Очерки по русской литературной и музыкальной культуре - Бурова Ирина 5 стр.


В 1929 году радикальные пролетарские критики обрушились на социологическую школу, обвинив ее в несколько иных грехах, чем те, что были обнаружены в книге Бахтина о Достоевском. Однако Переверзев, как и Бахтин, был осужден за «психологизм» и недооценку определяющего влияния политики, экономики и социально-классовых отношений в художественном творчестве. В целом аргументы марксистов в споре с их противниками к концу 1920-х годов не стали ни мягче, ни жестче. Укрепилась, однако, их поддержка со стороны партийных институций. Что касается формализма, то наиболее осмысленная и принципиальная его критика появилась не к концу десятилетия, а в самом его начале, в пятой главе книги Льва Троцкого «Литература и революция» [Троцкий 1991: 130145].
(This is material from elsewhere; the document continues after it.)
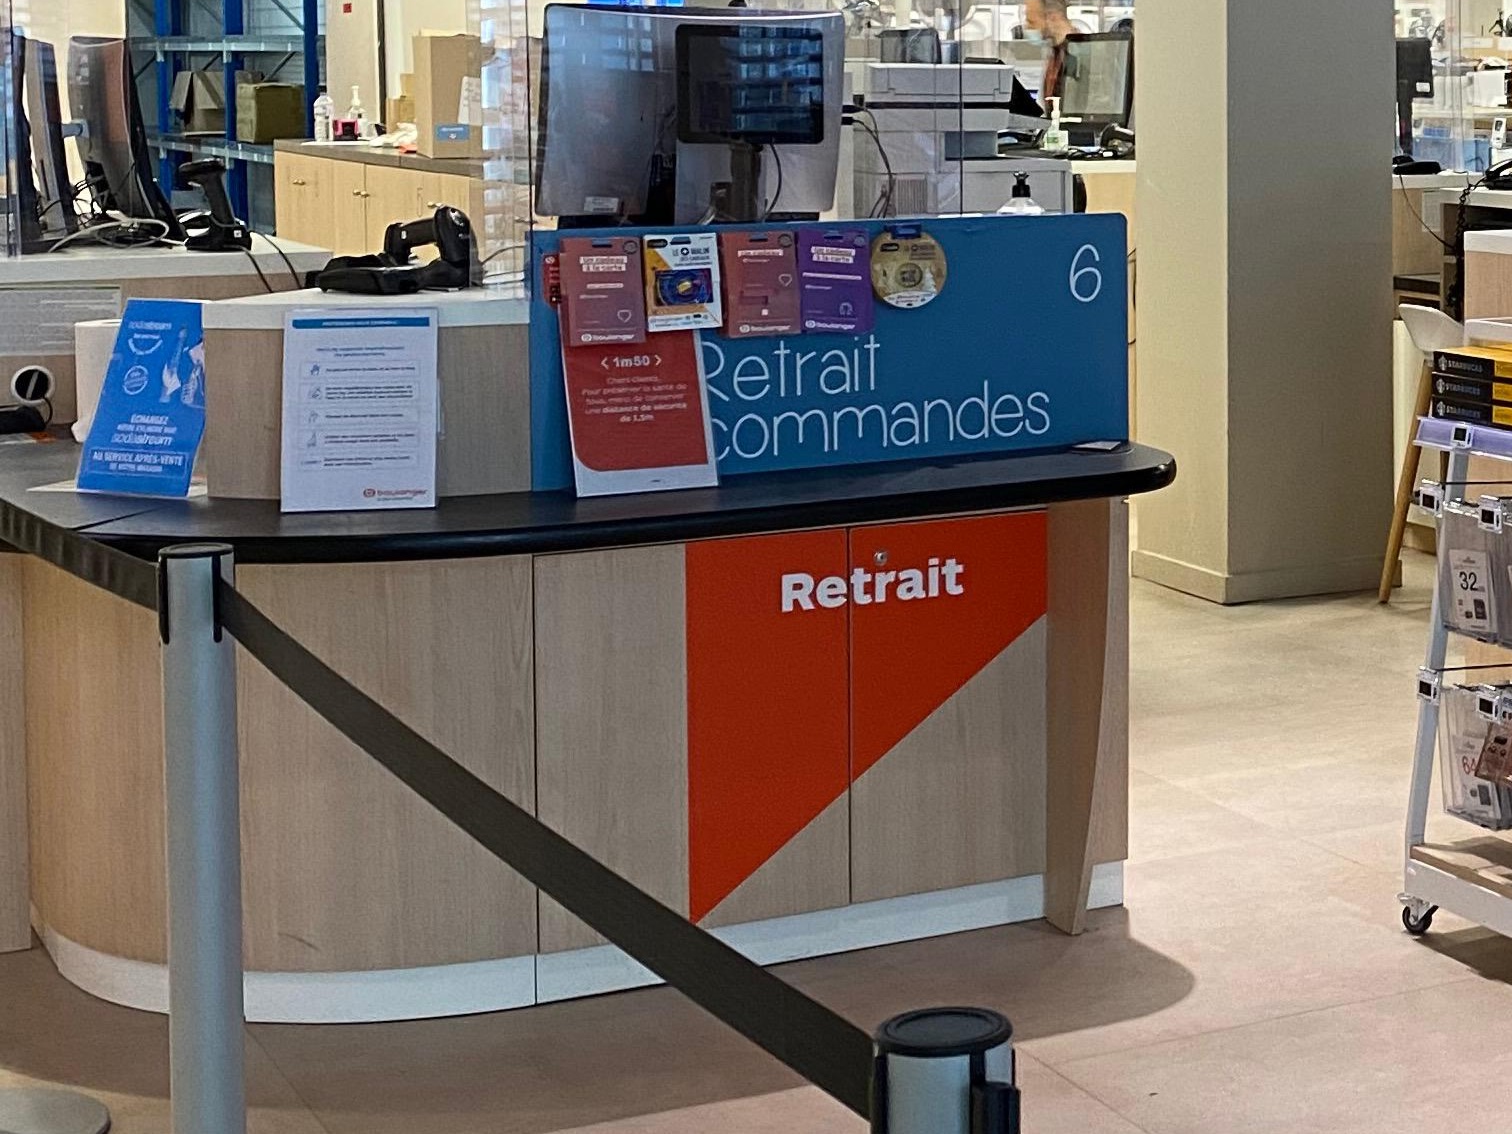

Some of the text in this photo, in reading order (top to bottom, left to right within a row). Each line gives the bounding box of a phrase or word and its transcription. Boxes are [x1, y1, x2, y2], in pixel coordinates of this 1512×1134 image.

Подобно Бахтину, Троцкий видел «немалую заслугу» этой «первой научной школы искусства» в переводе исследований «из состояния алхимии на положение химии» [Троцкий 1991:130]. «При всей поверхностности и реакционности», полагал Троцкий, формализм может быть полезен как для узколитературных задач, так и в широком симбиотическом, объясняющем плане для великих поэтов революционного футуризма, таких как Маяковский. Высокомерие и опасность проистекают из нежелания формализма признать «вспомогательное, служебно-техническое значение своих приемов» [Троцкий 1991: 131]. Как мы видели, ту же обеспокоенность разделяли с Троцким Бахтин и Волошинов. Однако в общем смысле, имея в виду те параметры, по которым мы рассматриваем четыре направления в литературной теории первого советского десятилетия, критика Троцким формализма показывает фундаментальные различия между его позицией и позицией бахтинского кружка.

Доминантой формализма было автономное, самоценное слово. Для Бахтина ею было взаимозависимое, незавершенное, обращенное к Другому слово. Для марксиста Троцкого, по контрасту, доминантой было человеческое поведение, воплощенное в действии социально детерминированном, классовосознательном, материальном и диалектическом. В знаменитом окончании пятой главы «Литературы и революции» Троцкий суммирует позицию формалистов, противопоставляя ей марксистский подход к делу: «Они иоанниты: для них в начале бе слово. А для нас в начале было дело. Слово явилось за ним как звуковая тень его» [Троцкий 1991: 145]. Понимание слова как теневого паразита действия имеет, конечно, древнюю традицию, восходящую к Платону. Позиция Троцкого вписывается в нее, апеллируя к тем русским мыслителям, кто увидел в Гегеле путь к выходу из летаргии, застоя и неуправляемости своей огромной страны. По мнению Троцкого, формалисты и идеалисты («гениальнейший из них Кант») «берут не динамику развития, а его поперечный разрез в день и час их собственного философского откровения» [Троцкий 1991: 144]. Такие мыслители составляют часть проблемы России, а не ее решения, полагал Троцкий, и литература в их руках перестает быть силой, направленной на общественное благо.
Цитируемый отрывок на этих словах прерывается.